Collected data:
====================
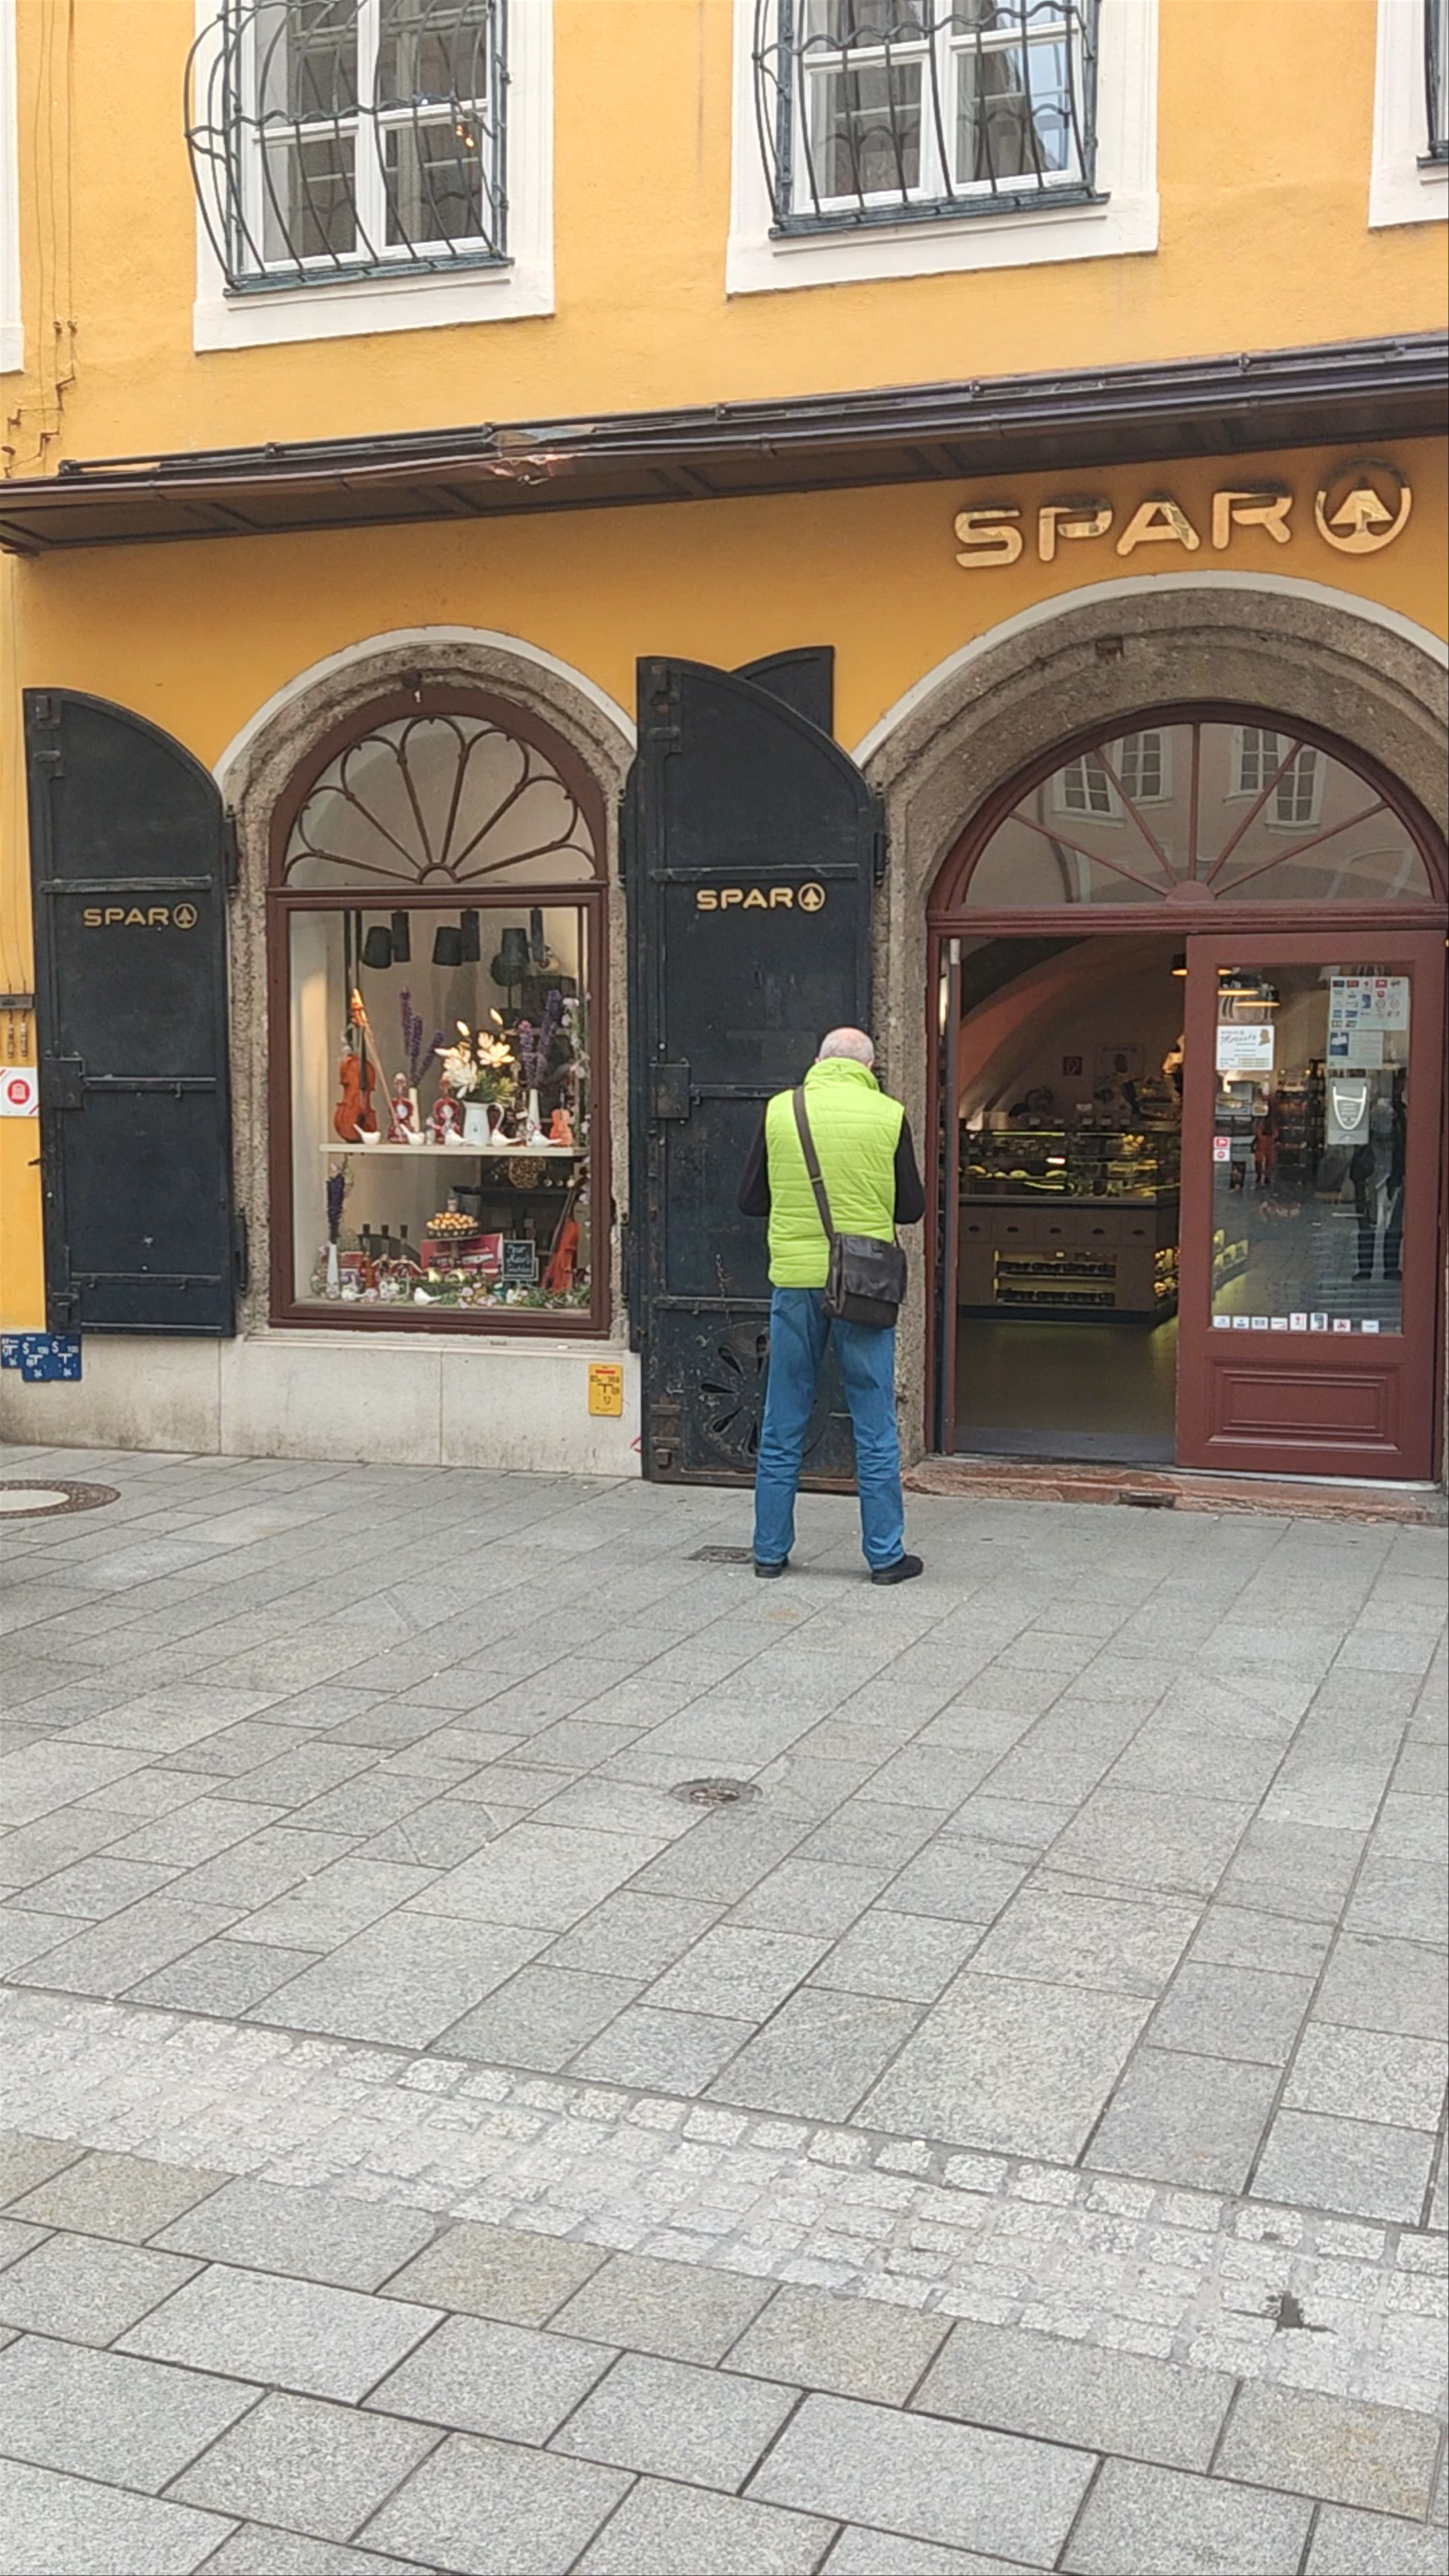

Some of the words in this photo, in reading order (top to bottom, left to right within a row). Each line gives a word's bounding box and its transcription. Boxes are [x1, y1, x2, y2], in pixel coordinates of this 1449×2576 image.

[954, 481, 1293, 568] SPAR
[697, 887, 793, 910] SPAR
[84, 907, 169, 926] SPAR
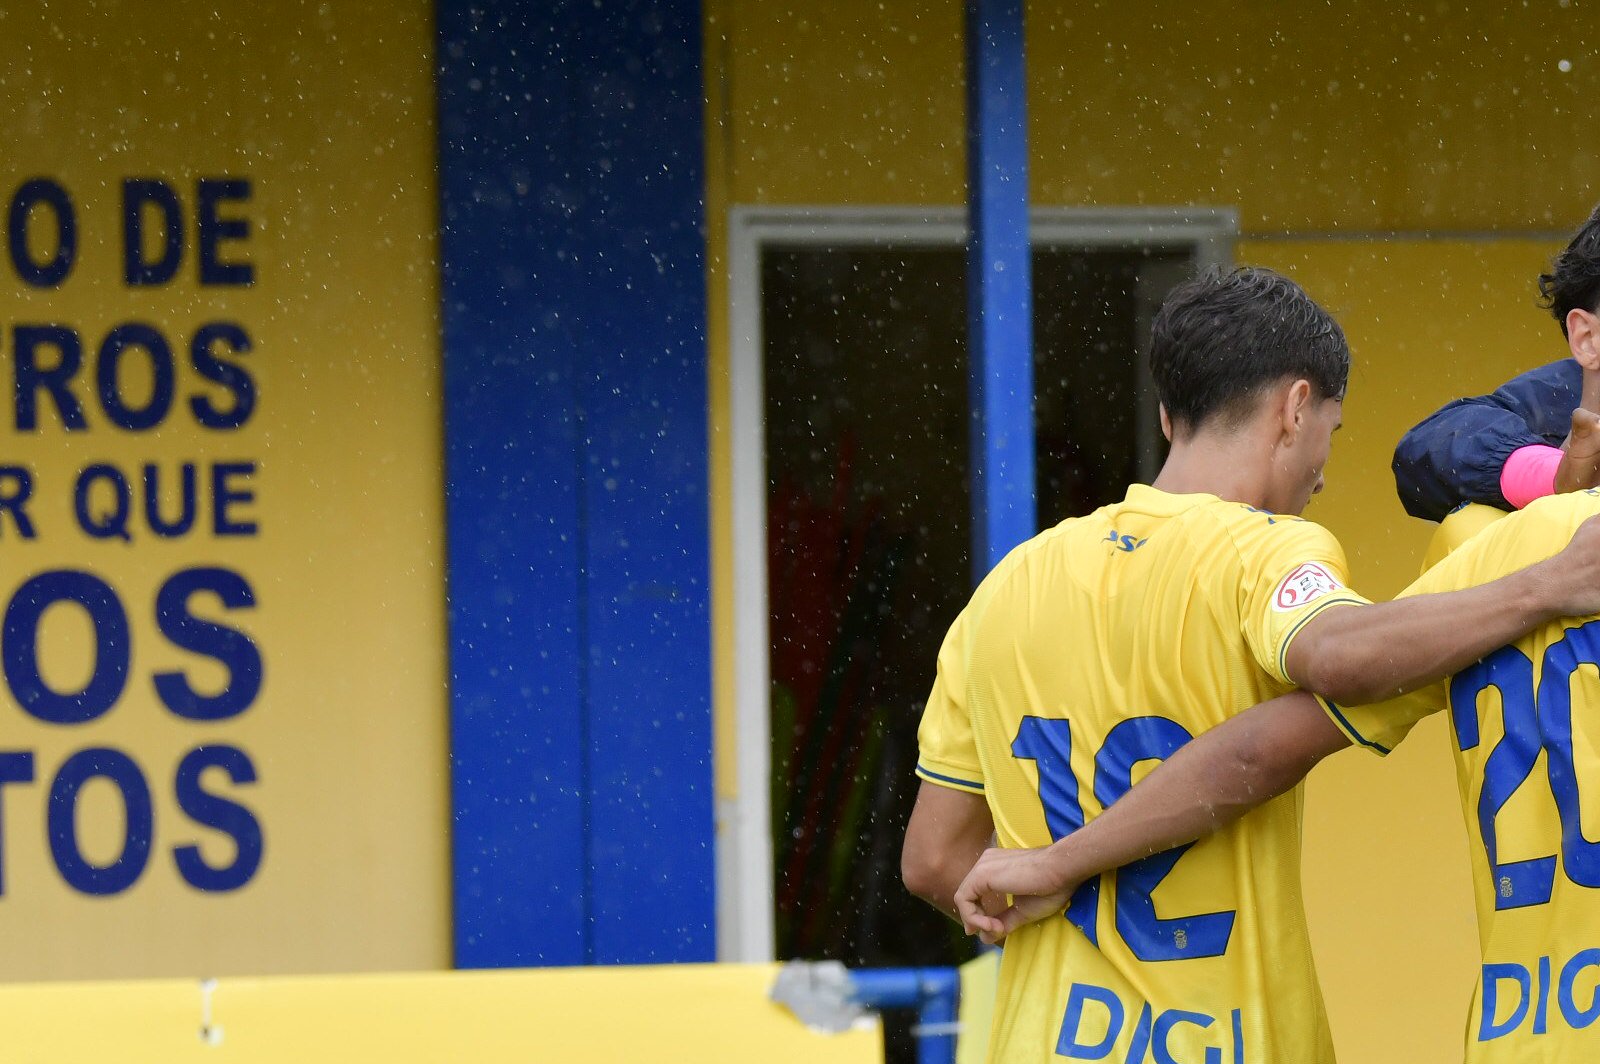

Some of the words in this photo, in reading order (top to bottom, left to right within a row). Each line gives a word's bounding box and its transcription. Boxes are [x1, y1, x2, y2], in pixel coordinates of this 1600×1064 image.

[8, 177, 78, 289] O
[122, 177, 257, 289] DE
[74, 461, 261, 544] QUE
[1010, 714, 1238, 963] 12
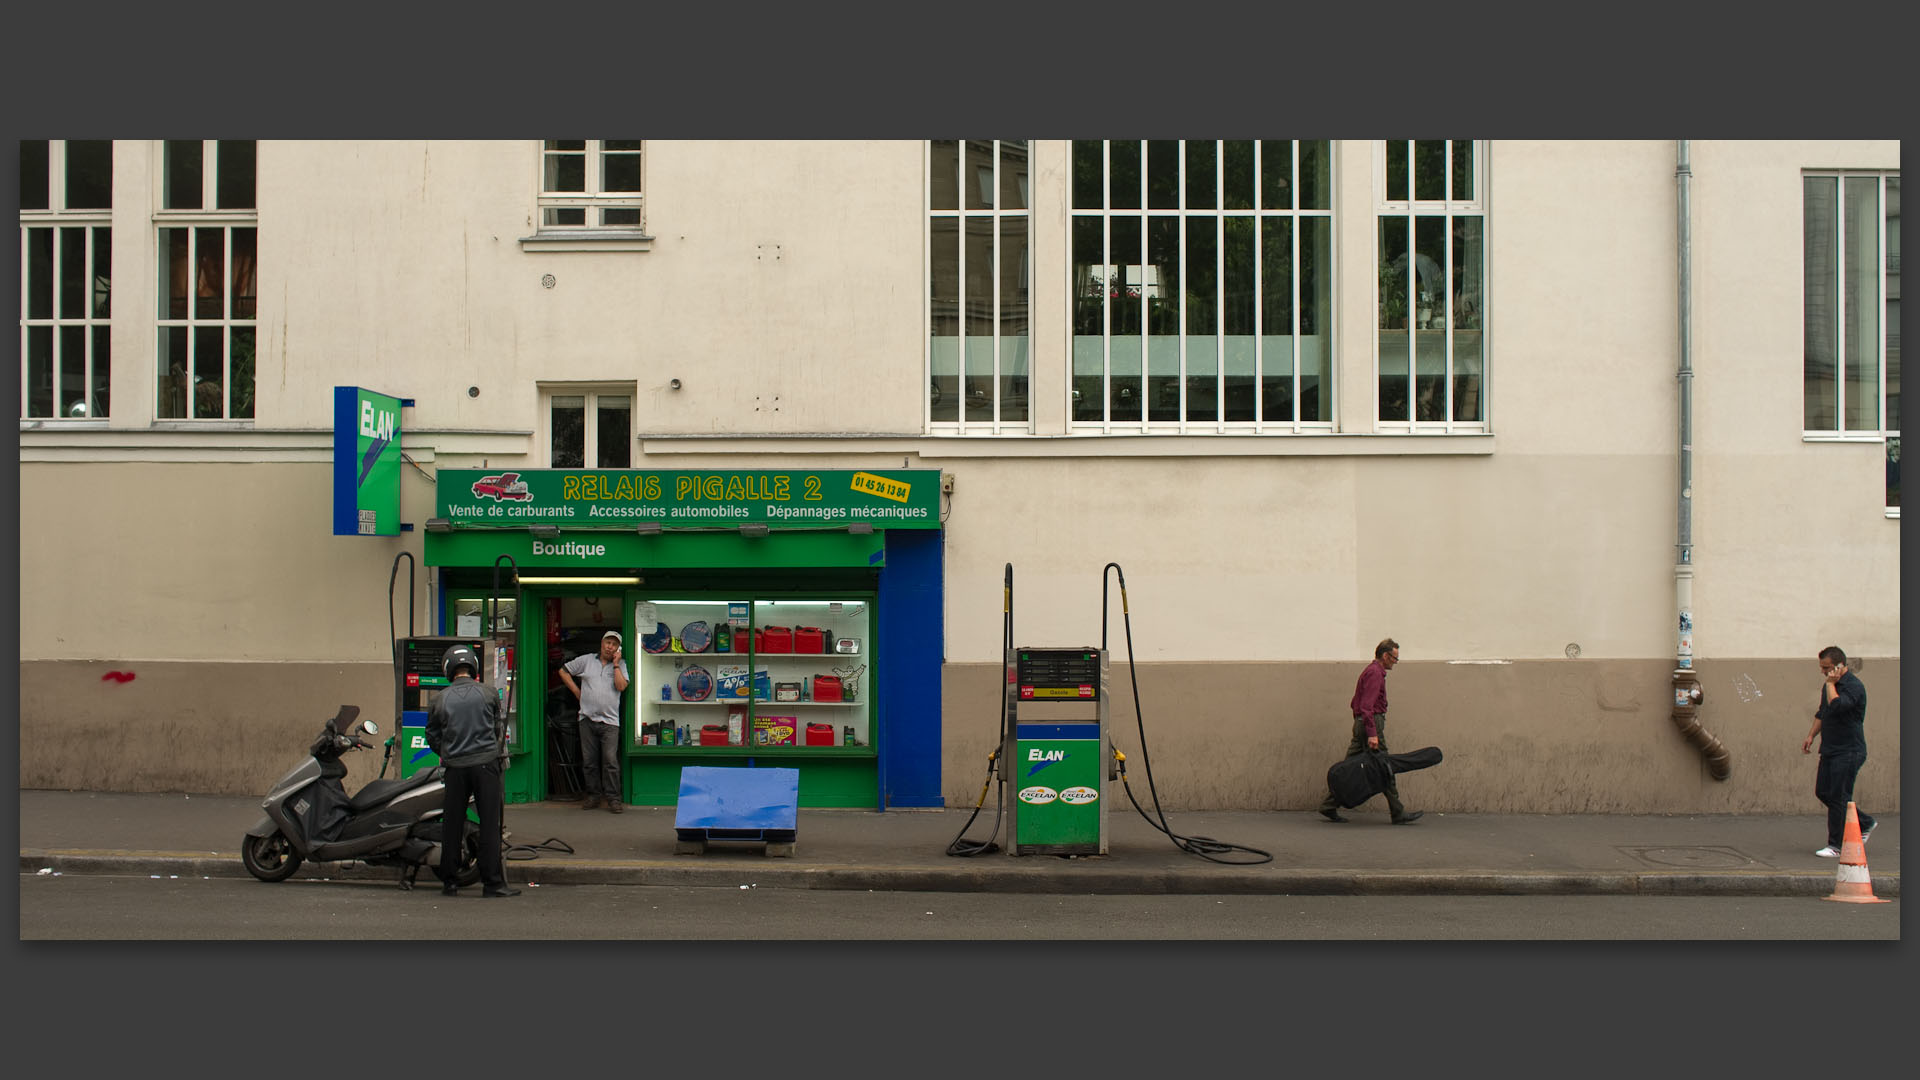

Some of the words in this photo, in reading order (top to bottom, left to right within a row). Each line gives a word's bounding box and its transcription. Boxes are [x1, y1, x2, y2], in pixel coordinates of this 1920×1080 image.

[360, 399, 394, 442] ELAN
[563, 475, 662, 500] RELAIS
[676, 475, 791, 500] PIGALLE
[803, 475, 823, 500] 2
[855, 477, 864, 487] 01
[865, 479, 875, 490] 45
[875, 482, 885, 493] 26
[887, 484, 896, 496] 13
[448, 504, 484, 517] Vente
[487, 504, 504, 517] de
[507, 504, 575, 517] carburants
[589, 504, 667, 517] Accessoires
[670, 504, 750, 518] automobiles
[766, 504, 847, 520] Dépannages
[850, 504, 928, 520] mécaniques
[532, 541, 606, 559] Boutique
[723, 676, 745, 690] 4%
[411, 735, 430, 748] EL
[1028, 748, 1064, 761] ELAN
====================
## ABOUT THIS EXERCISE
The lines to copy run from the line containing "this 1600×1064 image." through the end of the data above; copy exactly those, minus the pictures.

## PROBLEM SOLUTION
Some of the words in this photo, in reading order (top to bottom, left to right within a row). Each line gives a word's bounding box and its transcription. Boxes are [x1, y1, x2, y2], in pixel coordinates of this 1600×1064 image.

[8, 177, 78, 289] O
[122, 177, 257, 289] DE
[74, 461, 261, 544] QUE
[1010, 714, 1238, 963] 12

Some of the words in this photo, in reading order (top to bottom, left to right within a row). Each line gives a word's bounding box and its transcription. Boxes are [x1, y1, x2, y2], in pixel coordinates of this 1920×1080 image.

[360, 399, 394, 442] ELAN
[563, 475, 662, 500] RELAIS
[676, 475, 791, 500] PIGALLE
[803, 475, 823, 500] 2
[855, 477, 864, 487] 01
[865, 479, 875, 490] 45
[875, 482, 885, 493] 26
[887, 484, 896, 496] 13
[448, 504, 484, 517] Vente
[487, 504, 504, 517] de
[507, 504, 575, 517] carburants
[589, 504, 667, 517] Accessoires
[670, 504, 750, 518] automobiles
[766, 504, 847, 520] Dépannages
[850, 504, 928, 520] mécaniques
[532, 541, 606, 559] Boutique
[723, 676, 745, 690] 4%
[411, 735, 430, 748] EL
[1028, 748, 1064, 761] ELAN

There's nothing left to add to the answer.